I’m taking an online class about natural goatkeeping and kidding from Deborah Niemann, in preparation for our own kidding season. We have one pregnant doe, Lily, my favorite goat, who is due in mid-May!
My reading list is no where near done, but I have sent a lot of postcards to my representatives on many different issues.
Our Harvest in February
Egglaying really kicked in this month, with 156 chicken eggs and 34 duck eggs collected. Even with so little forage, the duck egg yolks are a deep orange.
Milk continues to just trickle in. After 2 1/2 years in milk, Lily was “dried off” because of her pregnancy. She really led the process. Before initiating the dry off myself, her supply just dropped off to almost nothing over a couple of weeks. Her body knew what to do! We did get 5 gallons this month, enough to keep making yogurt, which is the most important dairy product to me.
My salt making yielded 2 cups of salt in February. It’s delicious – extra strong salt taste for some reason. It should last even longer because we won’t need to use as much of it.
The winter honey extraction yielded 20 pounds.
Steve ate about a dozen lemons from his little potted tree in the living room.
We continued to eat from last year’s preserved harvest. We saw the end of our parsnips, dehydrated beans and grapes. All other supplies are holding out.
Our wood supply remains abundant, and our solar panel gain grows with the sun. In fact, I took some notes so I can tell you that we made 217 kwh of electricity this month. March should be much better.
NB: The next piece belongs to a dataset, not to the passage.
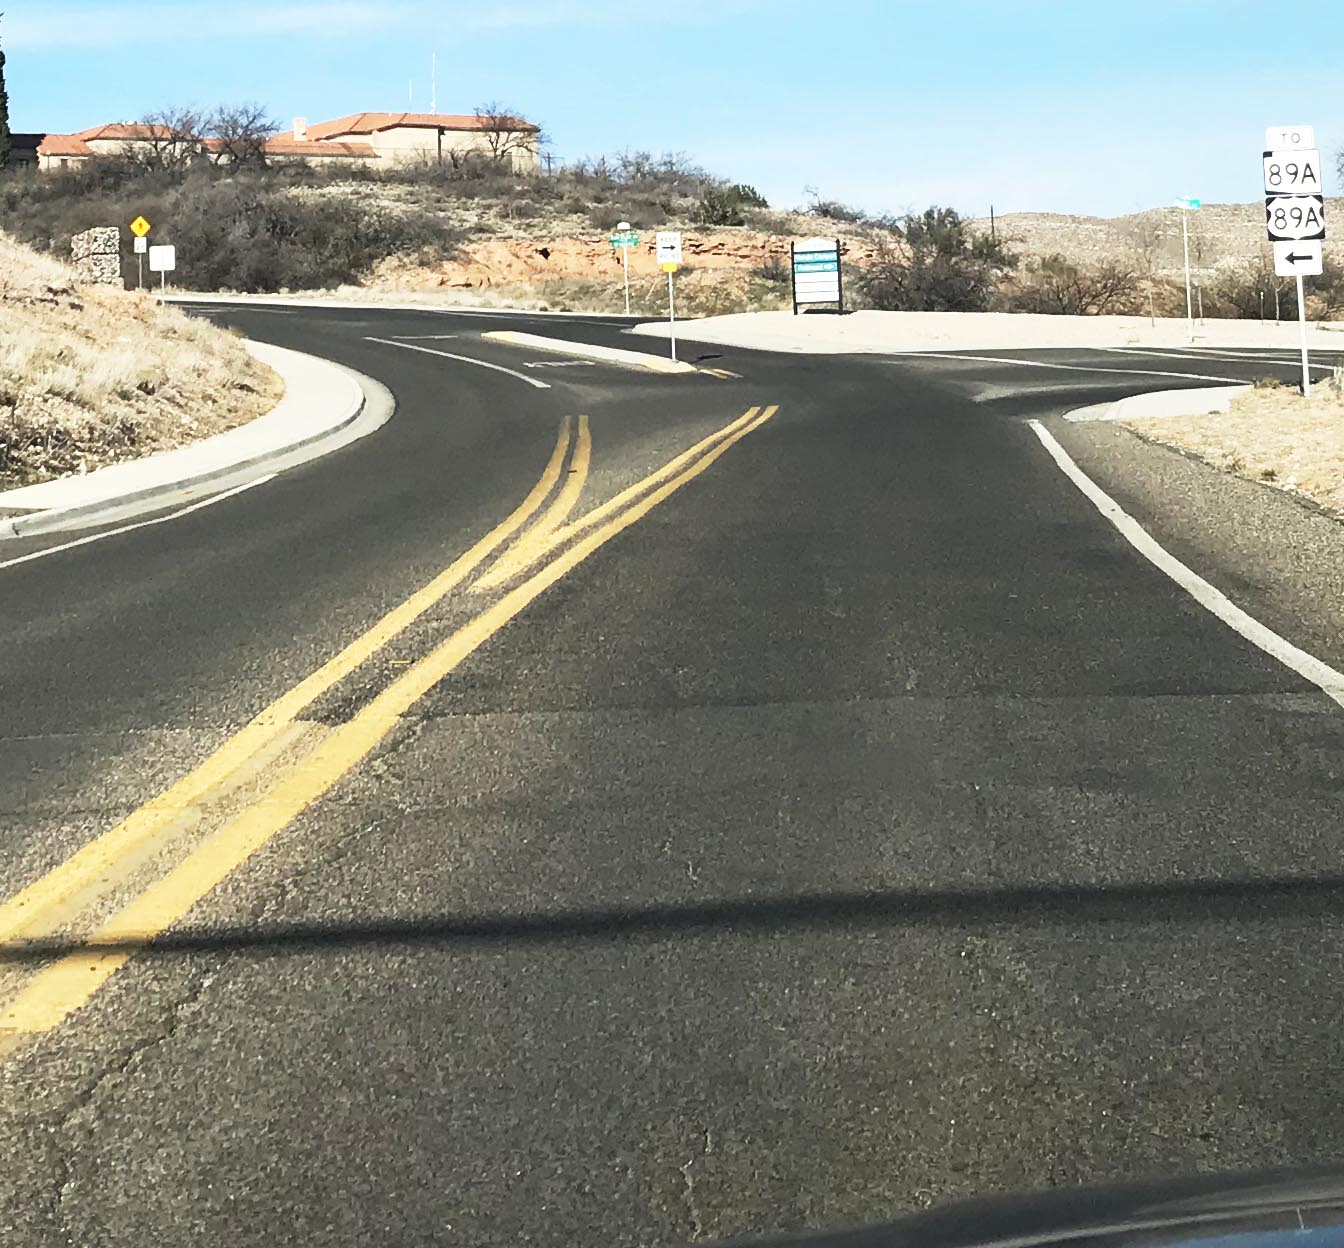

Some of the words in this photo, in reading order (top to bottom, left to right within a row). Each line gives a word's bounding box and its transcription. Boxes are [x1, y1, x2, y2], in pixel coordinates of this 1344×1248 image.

[1281, 132, 1301, 144] TO
[1269, 162, 1317, 186] 89A
[1274, 206, 1320, 230] 89A
We also started capturing another resource on the farm: our urine. I know, I know – ick, you probably say. But, let’s get past that and look at some information. We had an amazing presentation by Dave Cedarholm, the founder of Pee Local in NH based on the work of The Rich Earth Institute. We learned about the terrible effects of excess nitrogen running into Great Bay, a significant percentage of it from human urine. Wastewater treatment plants are undergoing expensive upgrades to try to remove the nitrogen, and typical home septic systems do nothing to remove it. However, if it is captured by itself rather than mixed with other waste, it is a safe, effective and cheap fertilizer. Applied to growing plants and active soil, it is happily and appropriately used.
This is a perfect example of our permaculture tenet to Turn Problems Into Solutions as well as Principles 5 (Use and Value Renewable Resources) and 6 (Produce No Waste)!
So, we are collecting and storing our urine for use during the growing season. Steve is learning to make “sitz-pees” that make it easy for women to do so, since we don’t yet have commercially made urine diverting toilets available in the US. I can tell you that it felt weird to use for about 3 days, and now I can’t imagine doing anything else. I feel bad when I have to use the bathroom away from home to be wasting this resource!
February is behind us and coming up in March, I will start many more seeds, prune our trees, bushes, grapes and brambles, keep making salt, and we’ll see what else comes up!
2 Responses to February at Living Land
Thanks Amy, I always enjoy your posts. I loved seeing the bees and hearing their buzzing. That hive looks very strong and healthy.
Can you use the urine as is, or do you dilute it with water or add anything to it before you use it in the garden? When I was in Japan, as a child, I always saw people urinating in the rice paddies. Of course, at that time, my parents told me it was because they didn’t have plumbing, but thinking of it now, I’m sure it was because they were using it for fertilizer.
I haven’t yet gotten to the fertilizing part – needs to happen when the plants are growing – but I know that diluting with water 1:1 is the recommendation. We have added vinegar for other reasons (for cleaning equipment and keeping the ph near neutral) so that will be there, too.
This is for your own home use. For using somewhere that you will be selling food from, there are other precautions recommended. Rich Earth Institute has been helping come up with those and working with VT DES to establish guidelines/rules.